DIRECTIONS: Drop the images. Copy every line below character for character.

DATASET EXTRACT START

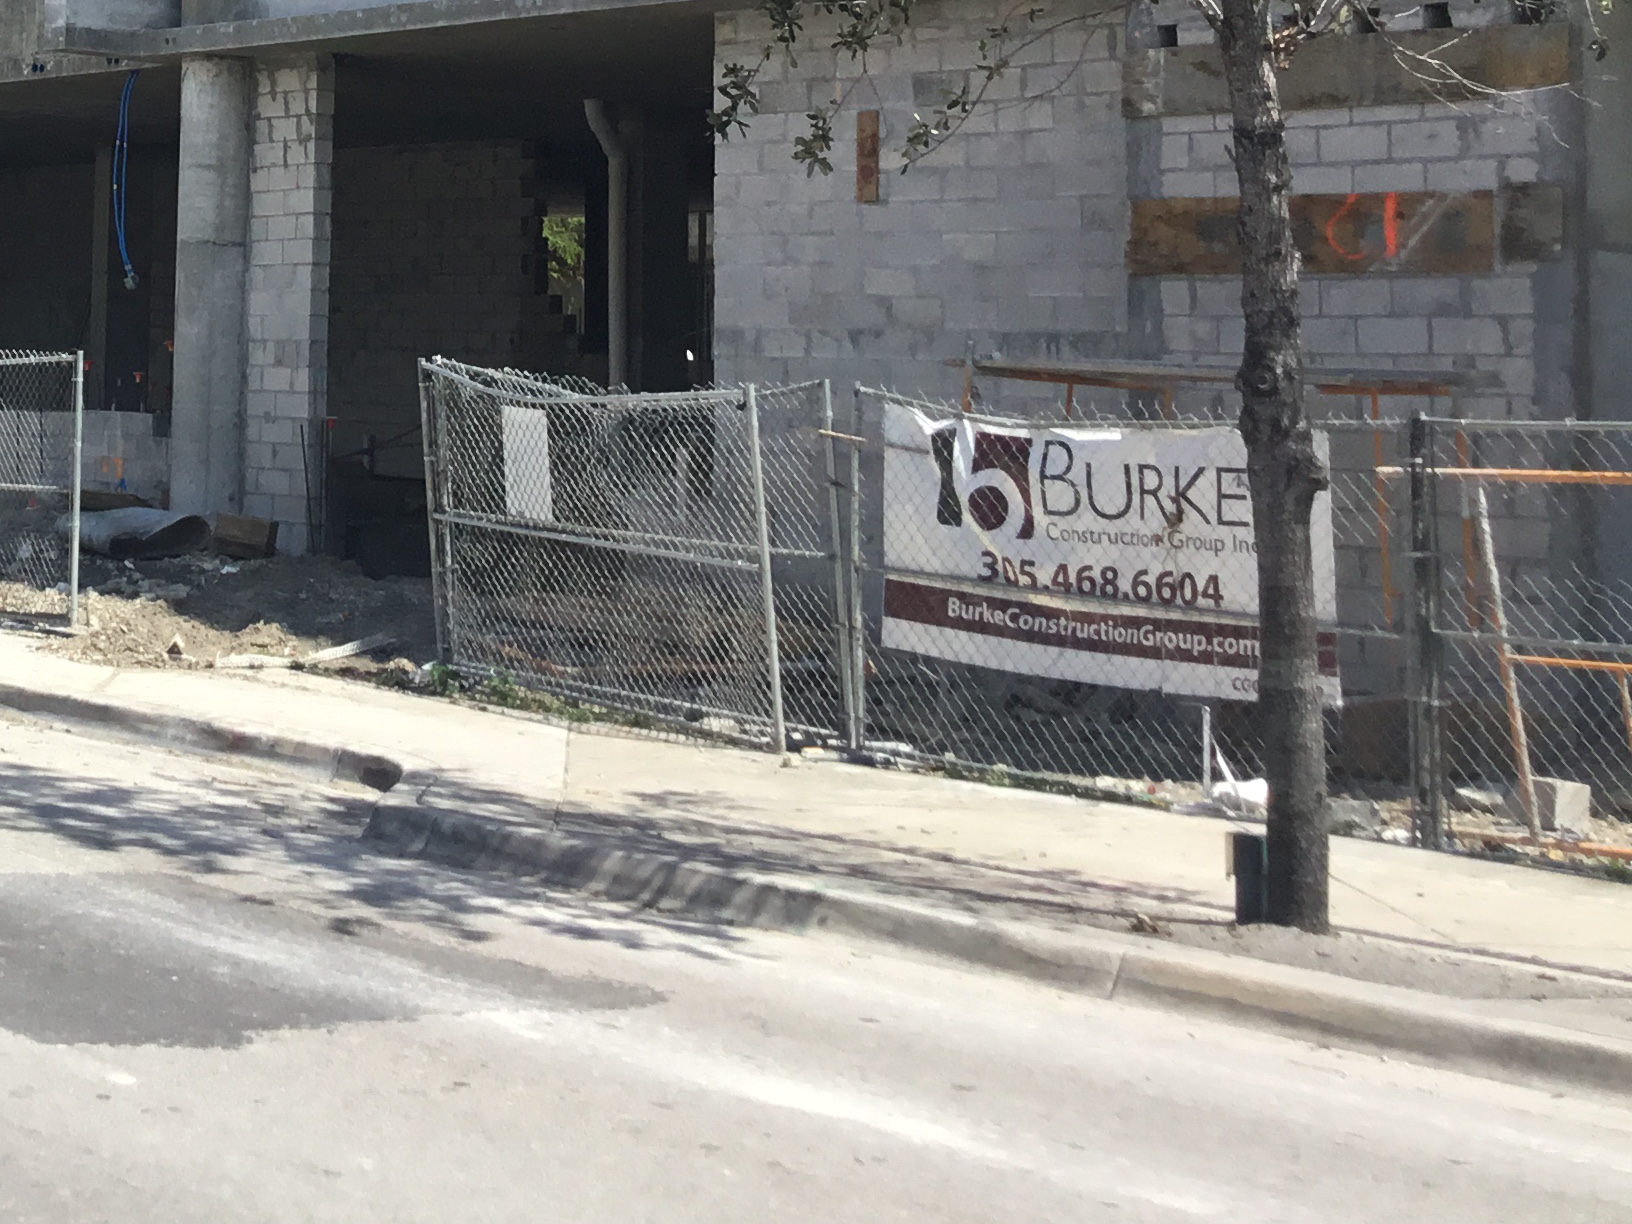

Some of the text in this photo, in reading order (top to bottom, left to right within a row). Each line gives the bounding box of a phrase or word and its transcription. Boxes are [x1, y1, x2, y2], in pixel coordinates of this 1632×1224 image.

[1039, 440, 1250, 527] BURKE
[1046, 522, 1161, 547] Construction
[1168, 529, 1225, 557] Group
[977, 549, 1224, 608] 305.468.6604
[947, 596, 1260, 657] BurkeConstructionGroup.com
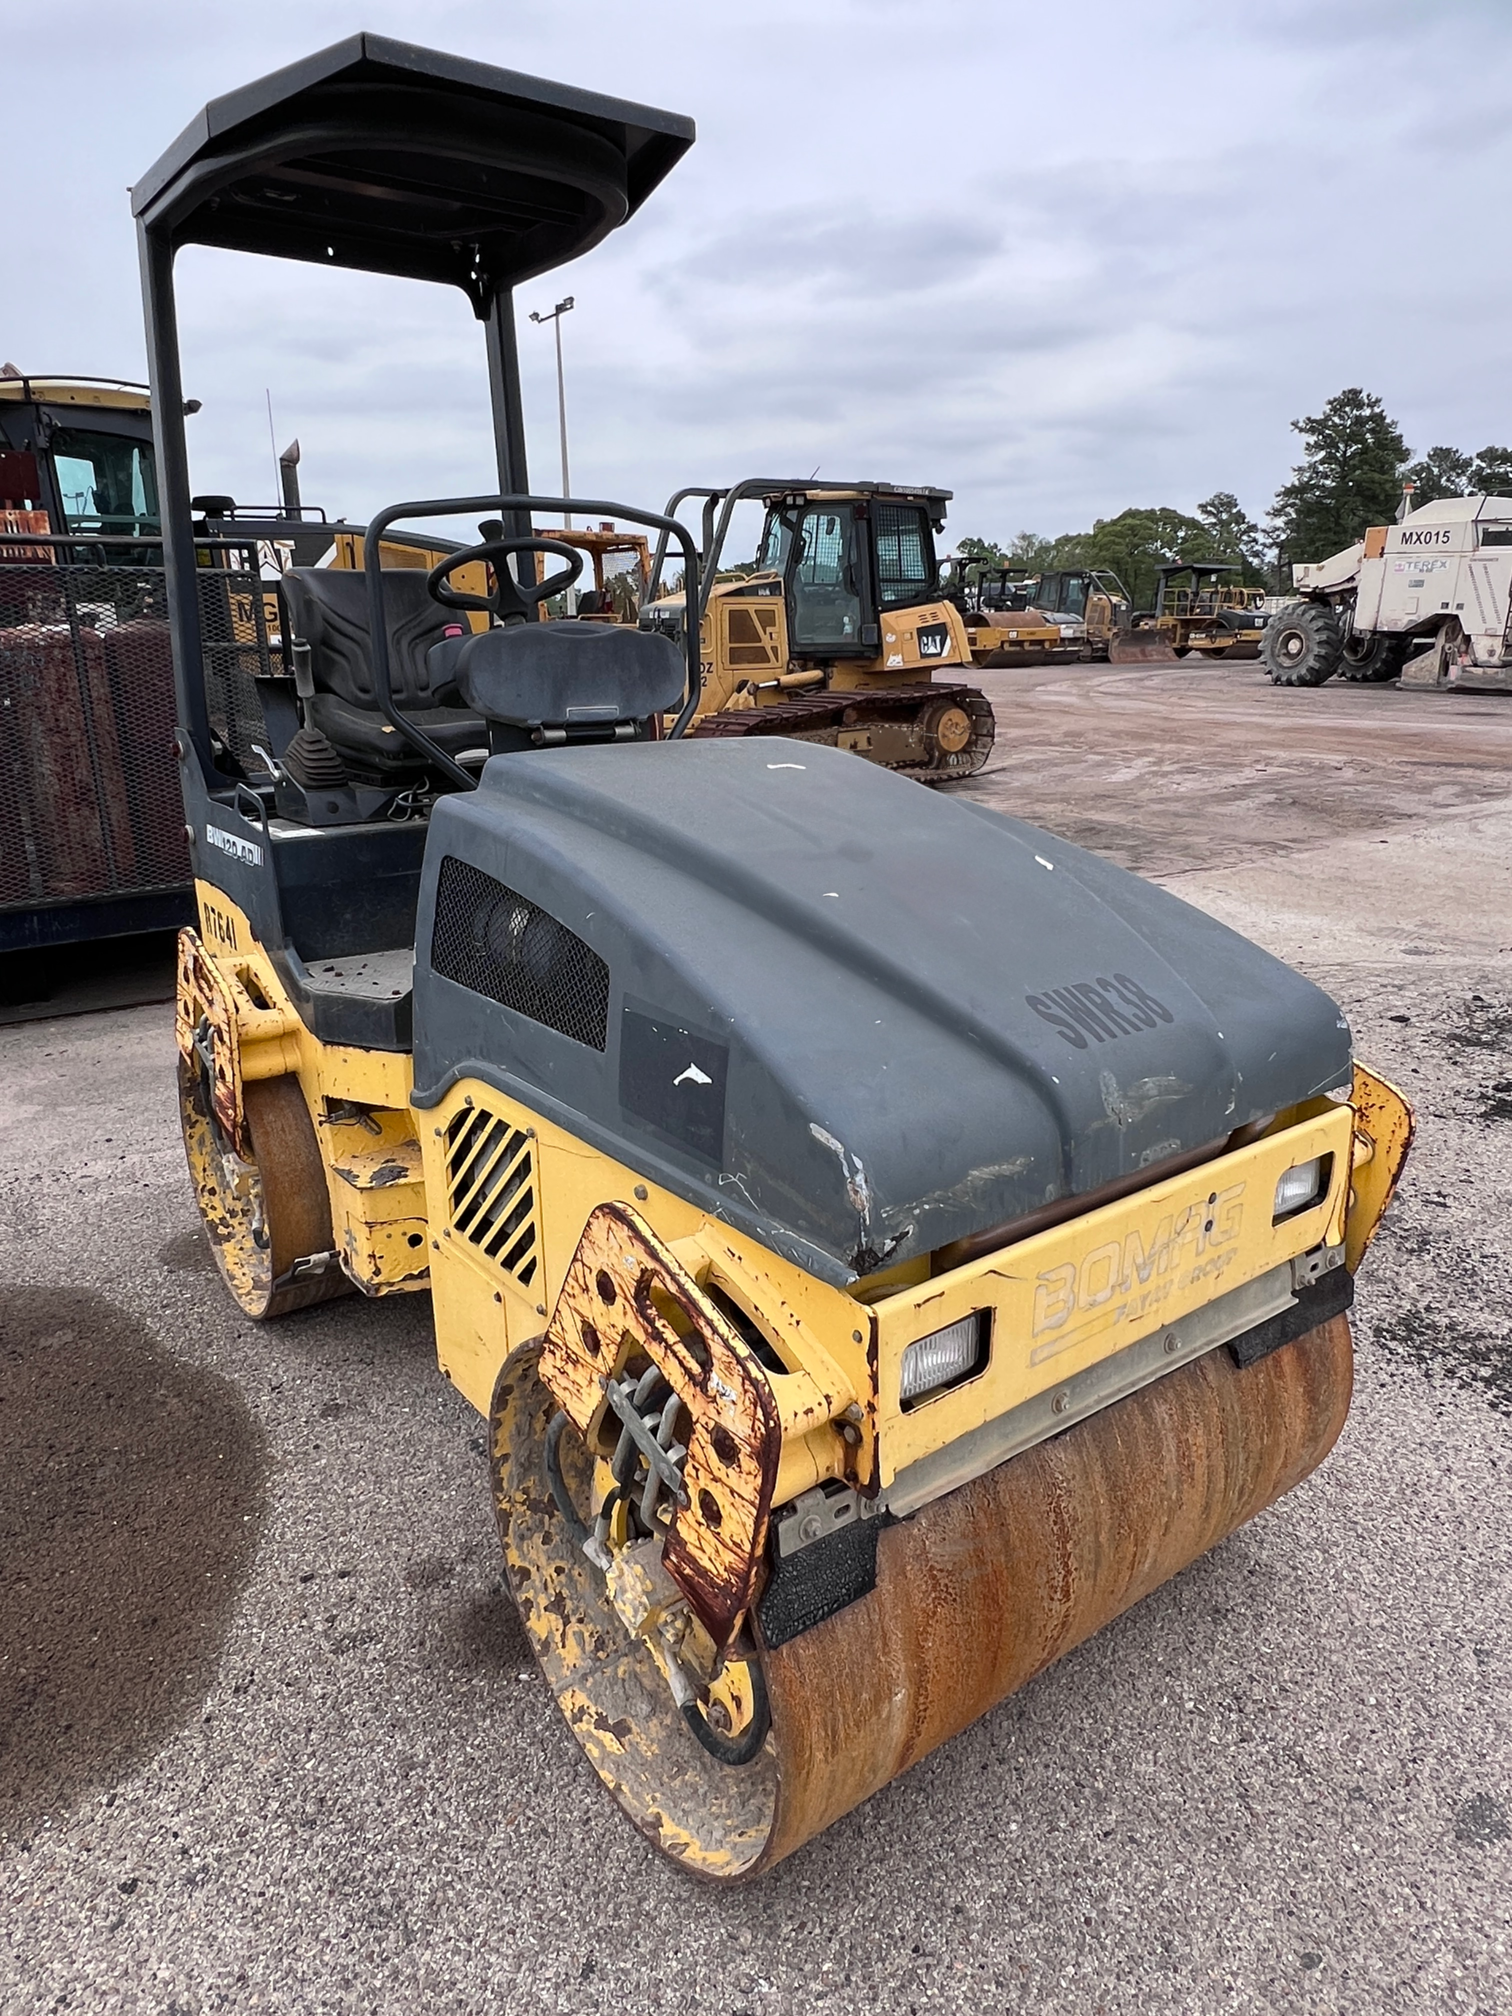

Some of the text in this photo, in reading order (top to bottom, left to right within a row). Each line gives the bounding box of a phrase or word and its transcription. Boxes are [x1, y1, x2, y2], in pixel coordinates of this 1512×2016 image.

DATASET EXTRACT END

ANSWER SPACE:
Some of the text in this photo, in reading order (top to bottom, left to right within a row). Each line gives the bounding box of a phrase or word and its transcription. Boxes are [x1, y1, x2, y2], in pixel coordinates of this 1632×1224 image.

[1039, 440, 1250, 527] BURKE
[1046, 522, 1161, 547] Construction
[1168, 529, 1225, 557] Group
[977, 549, 1224, 608] 305.468.6604
[947, 596, 1260, 657] BurkeConstructionGroup.com

Some of the text in this photo, in reading order (top to bottom, left to right within a row). Each line gives the bounding box of a phrase or word and its transcription. Boxes are [x1, y1, x2, y2], in pixel coordinates of this 1512×2016 image.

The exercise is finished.